La déception fut aussi immédiate que brutale. Était-il allé trop loin au point que le jeune homme ait perdu l’esprit en le revoyant ? Cela c’était déjà produit par le passé, quand il faisait preuve de trop de brutalité avec certaines proies. Et il était indéniable que brutal était un mot adapté pour décrire sa façon de se comporter avec Jonathan sur la fin.
Cependant, l’enfermement de Jonathan ne correspondait pas à l’image qu’il se faisait à présent de lui. Le jeune homme était parvenu à fuir son château et à revenir en Angleterre. Il n’y avait pas à douter de sa détermination ni de sa force d’esprit. Une simple vision fugace n’aurait pas fait tomber Jonathan à ce stade. Cependant, il était possible que son récit, dans un pays si peu superstitieux que l’Angleterre, l’ait fait interner.
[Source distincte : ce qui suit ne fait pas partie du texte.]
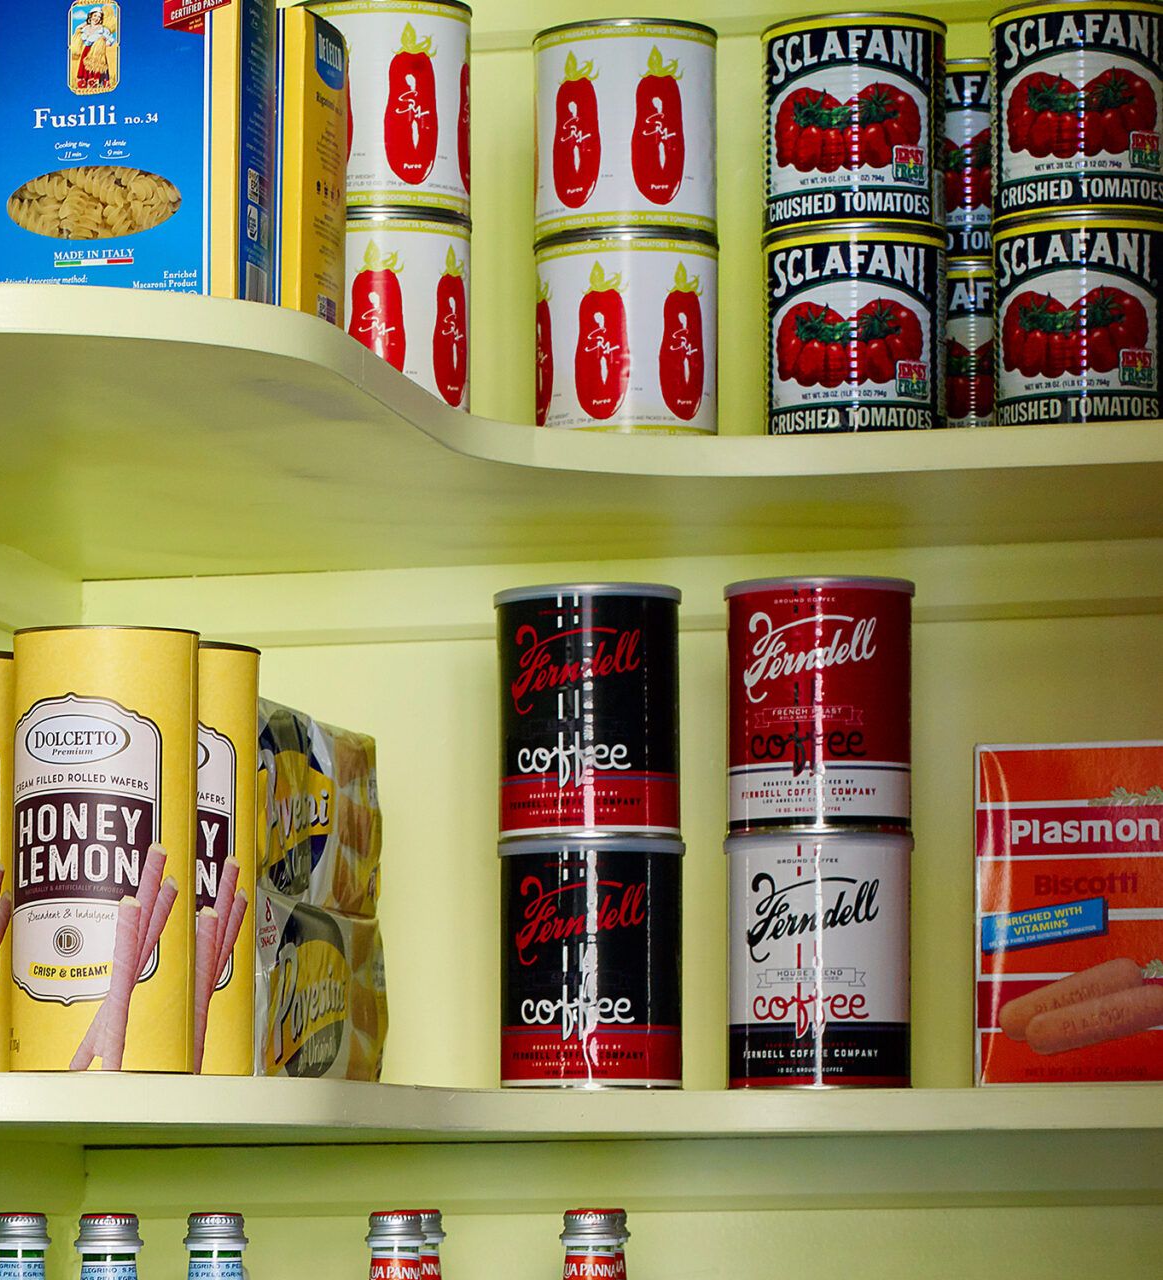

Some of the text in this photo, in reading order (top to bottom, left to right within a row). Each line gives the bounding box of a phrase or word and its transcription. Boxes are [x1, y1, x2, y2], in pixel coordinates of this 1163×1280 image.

L’idée fit sourire le comte. Enfermé dans une cellule, Jonathan serait complètement à sa merci. Restait à l’atteindre, et pour cela, le fou à sa botte serait l’instrument parfait, ou n’importe lequel de ces pauvres diables, pourvu qu’il pense à l’asile comme à sa demeure. Dans ces conditions, il aurait tout le temps du monde pour convaincre Jonathan de devenir sien. Ne pouvait-il pas lui offrir la liberté, la vengeance et la jouissance en une seule morsure ?
Adoptant la forme d’une grande chauve-souris, Dracula vola vers la sombre bâtisse. Il fut alors surpris de découvrir que le parfum de Jonathan ne venait pas des minuscules cellules où les malades sombraient chaque jour un peu plus dans la démence et le désespoir, mais au contraire de la grande bâtisse attenante, qui servait de demeure au docteur et directeur. Une seule fenêtre était présentement allumée, celle donnant sur le bureau de ce dernier. Le comte rasa plusieurs fois la fenêtre pour un premier aperçu de ce qui se passait à l’intérieur.
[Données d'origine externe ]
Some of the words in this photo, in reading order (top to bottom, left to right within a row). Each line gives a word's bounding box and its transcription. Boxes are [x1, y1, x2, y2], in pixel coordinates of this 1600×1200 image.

De nouvelles surprises l’y attendaient. Installés autour d’une grande table, Jonathan discutait avec quatre autres hommes, dont le directeur de l’asile, et une femme. Rien dans son attitude indiquait qu’ils étaient ici assemblés pour décider de l’enfermement de Jonathan. Mais alors, que ce tramait-il dans cette pièce ? Jonathan avait participé à l’achat de la maison voisine au nom de Dracula, sa présence dans le voisinage ne pouvait être une coïncidence. Les visages des participants, quand à eux, étaient trop sérieux pour les ignorer. Pire encore, la plupart des visages étaient déjà vaguement familiers au comte, notamment celui de la jeune femme. Tous avaient gravité autour de sa précédente victime, la jolie et douce Lucy, avant qu’elle ne succombe. Pressentant, un danger, le comte se posa à la fenêtre.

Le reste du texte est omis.